If you have a 1991 Act agricultural tenancy, your written lease should say how long your tenancy lasts and when your lease expires. Your landlord can only evict you before this date in special circumstances. This page looks at what you can do if you're in this situation.

In what circumstances can my landlord evict me?

Your landlord can only evict you before the date on which your lease expires if:

  • you break a condition of your lease, or
  • you become bankrupt, or
  • you don't pay your rent.

This applies regardless of whether or not you inherited your tenancy.

Eviction for breaking a condition of the lease

Your landlord may be able to evict you if you break a condition of your lease, for example if you deliberately damage the land in some way. However, they can only do this if your written lease specifically states that breaking that condition gives your landlord the right to evict you. (This is known as an 'irritancy clause'.) Even if there is an irritancy clause in your lease, your landlord may not be able to evict you. Talk to a solicitor if you are in this situation - they may be able to help you prevent or delay the eviction.

Bear in mind that your landlord can't insist that you live on the holding and can't use non-residency as a reason to evict you. However, your lease may require you to ensure that someone else with the experience and skills to run the holding lives on the land.
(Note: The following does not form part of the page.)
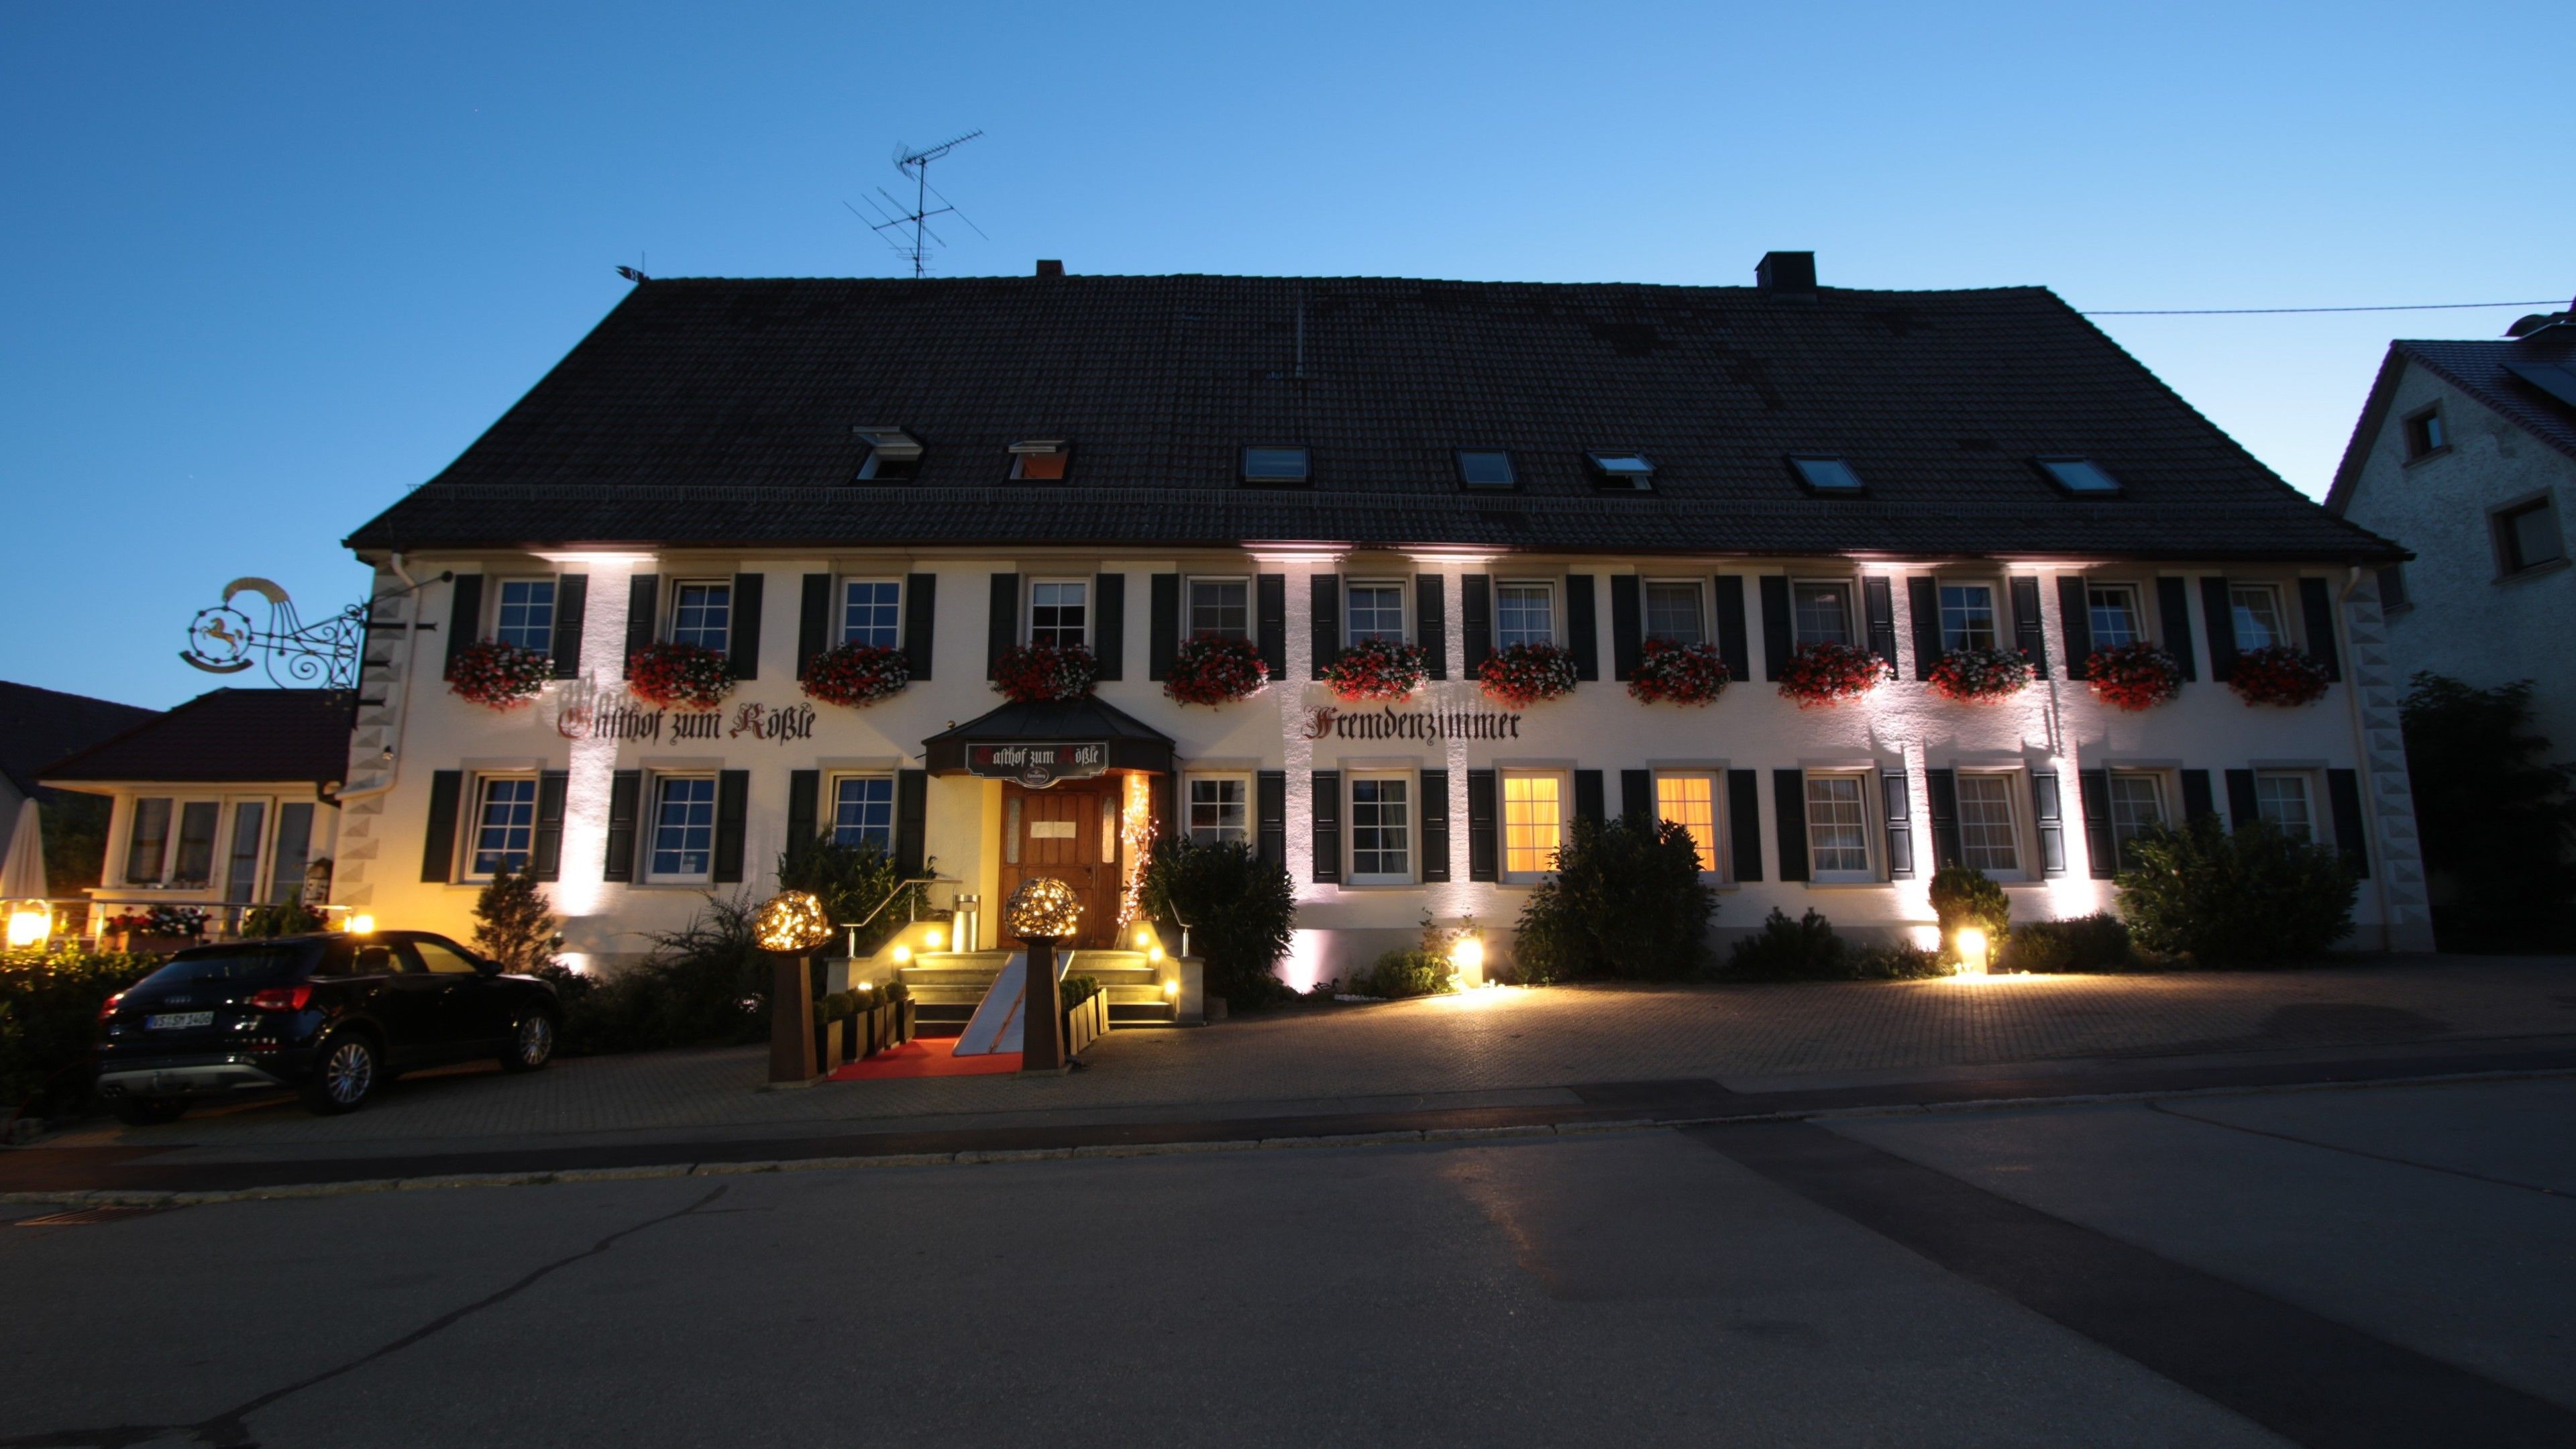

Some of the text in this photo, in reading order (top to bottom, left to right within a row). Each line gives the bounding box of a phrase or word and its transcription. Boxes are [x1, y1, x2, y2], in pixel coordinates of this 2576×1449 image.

[670, 710, 721, 745] zum
[1301, 704, 1521, 746] Fremdenzimmer
[1030, 750, 1055, 767] zum
Eviction for non-payment of rent

If you have built up six months' worth of rent arrears, your landlord can raise an action in the Land Court to have you evicted at the next Whitsunday (28 May) or Martinmas (28 November). The Land Court will agree to eject you from the holding unless you can pay back the arrears or can prove that you have enough assets (for example, shares, bonds or stock) to safeguard payment of the rent due and an additional year's rent as well. If you do have to leave, you must be given at least four weeks' notice and you will be entitled to compensation for any improvements to the agricultural property that you've carried out.

You can find out more about dealing with rent arrears here. Talk to an adviser on Shelter Scotland's free housing advice helpline 0808 800 4444 or from Citizens Advice if you are having money problems - they may be able to help you sort things out.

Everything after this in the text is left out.